*Work order:*
The goal is a clean copy of all the data below, with pictures dropped and everything else retyped exactly.

*Data to process:*
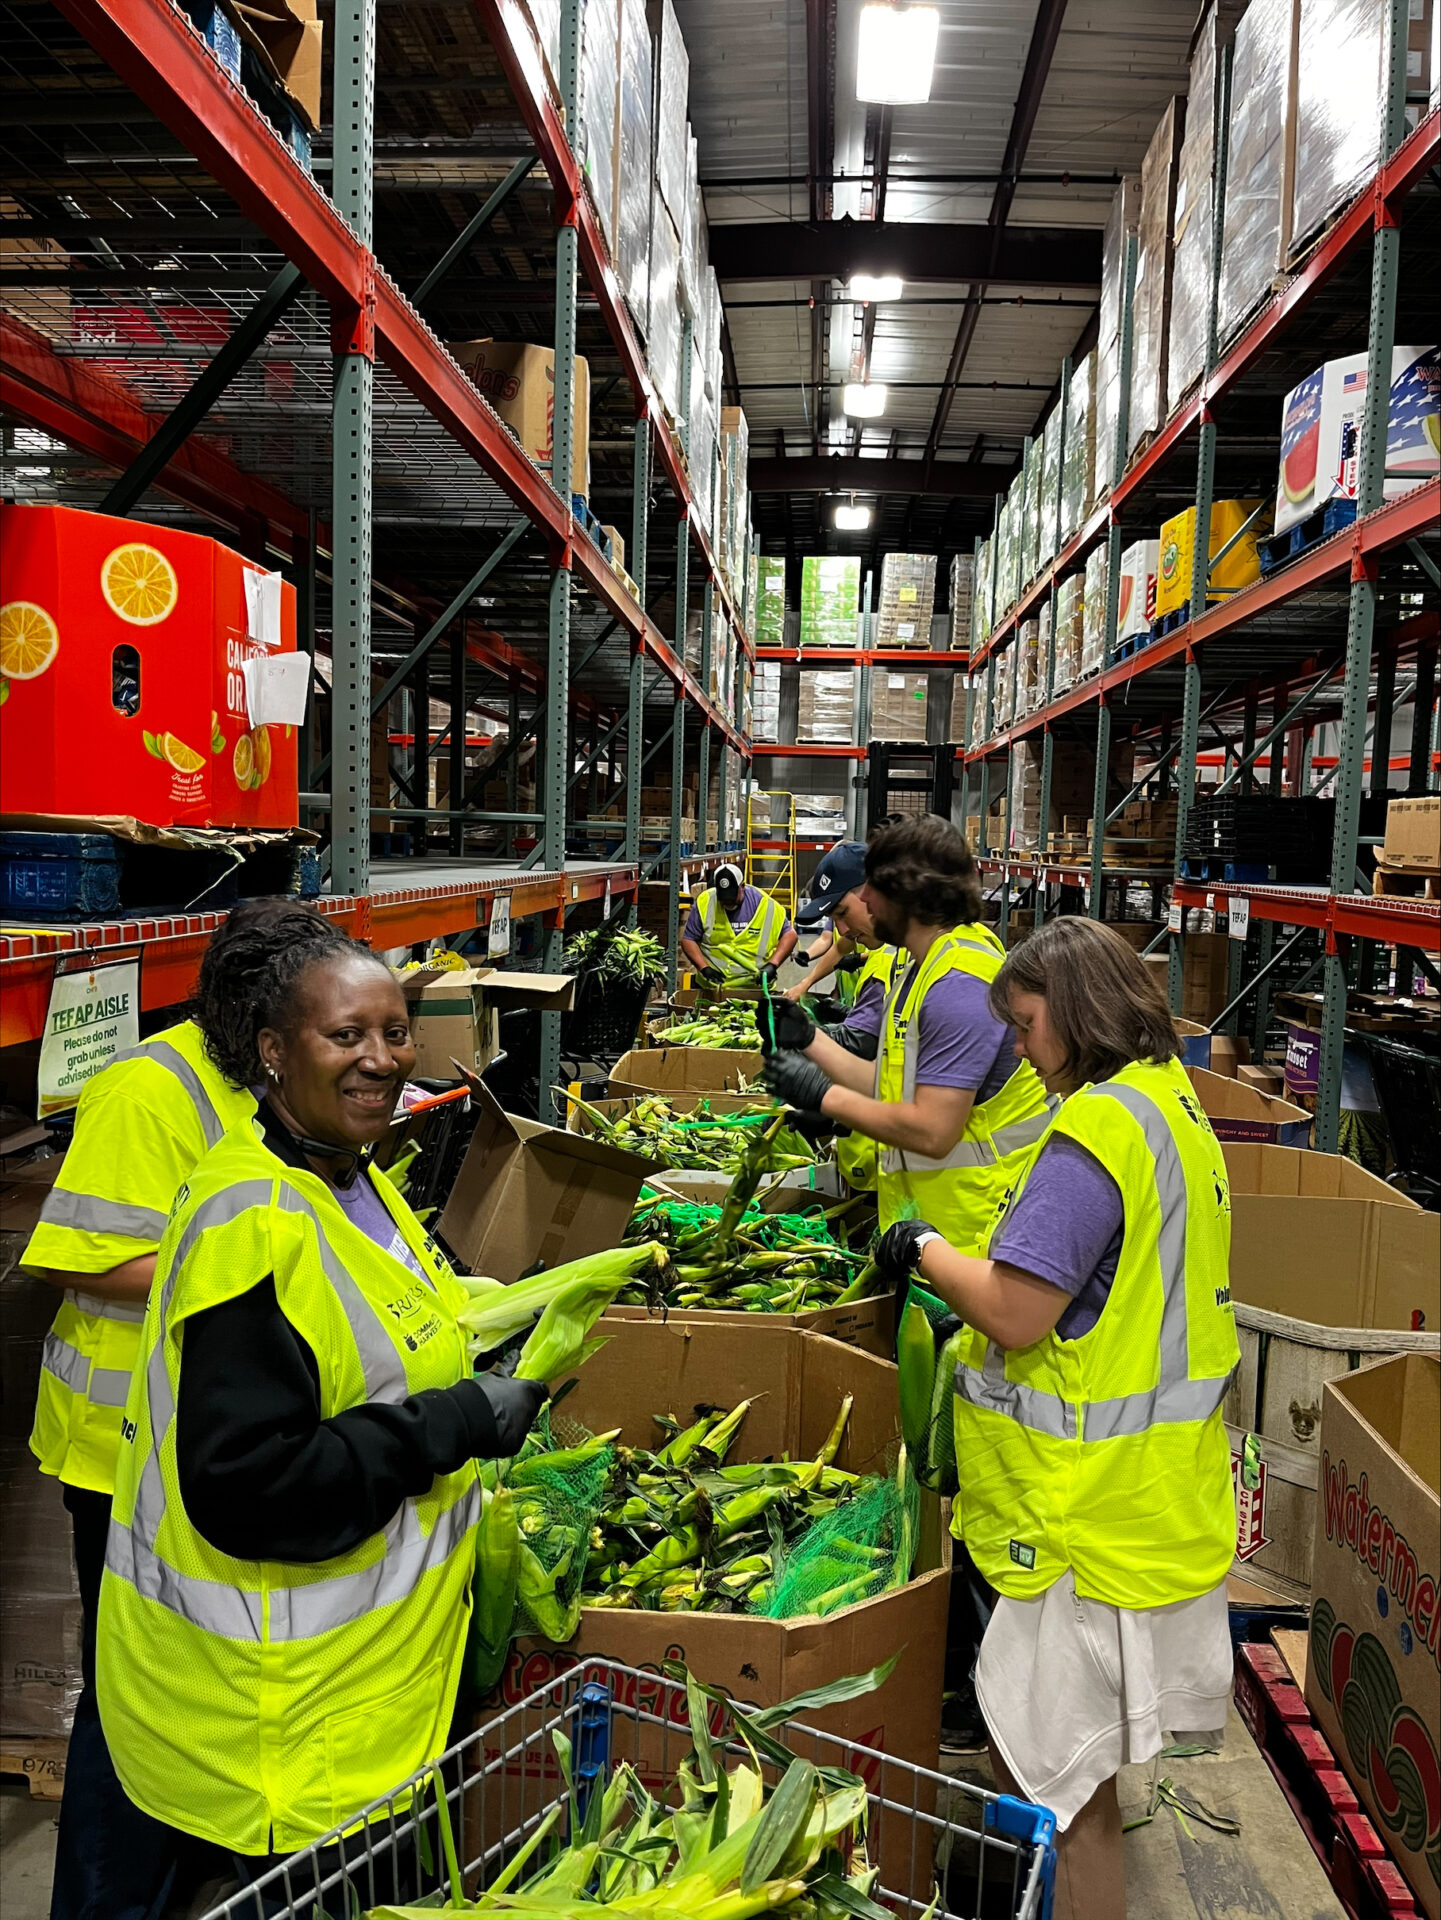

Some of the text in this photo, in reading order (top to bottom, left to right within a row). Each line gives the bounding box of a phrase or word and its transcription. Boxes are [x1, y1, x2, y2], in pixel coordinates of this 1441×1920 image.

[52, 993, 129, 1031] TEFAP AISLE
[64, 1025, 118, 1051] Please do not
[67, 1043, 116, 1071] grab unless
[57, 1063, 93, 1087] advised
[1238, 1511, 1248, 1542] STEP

*Expected output:*
Some of the text in this photo, in reading order (top to bottom, left to right within a row). Each line gives the bounding box of a phrase or word and its transcription. Boxes are [x1, y1, x2, y2], in pixel coordinates of this 1441×1920 image.

[52, 993, 129, 1031] TEFAP AISLE
[64, 1025, 118, 1051] Please do not
[67, 1043, 116, 1071] grab unless
[57, 1063, 93, 1087] advised
[1238, 1511, 1248, 1542] STEP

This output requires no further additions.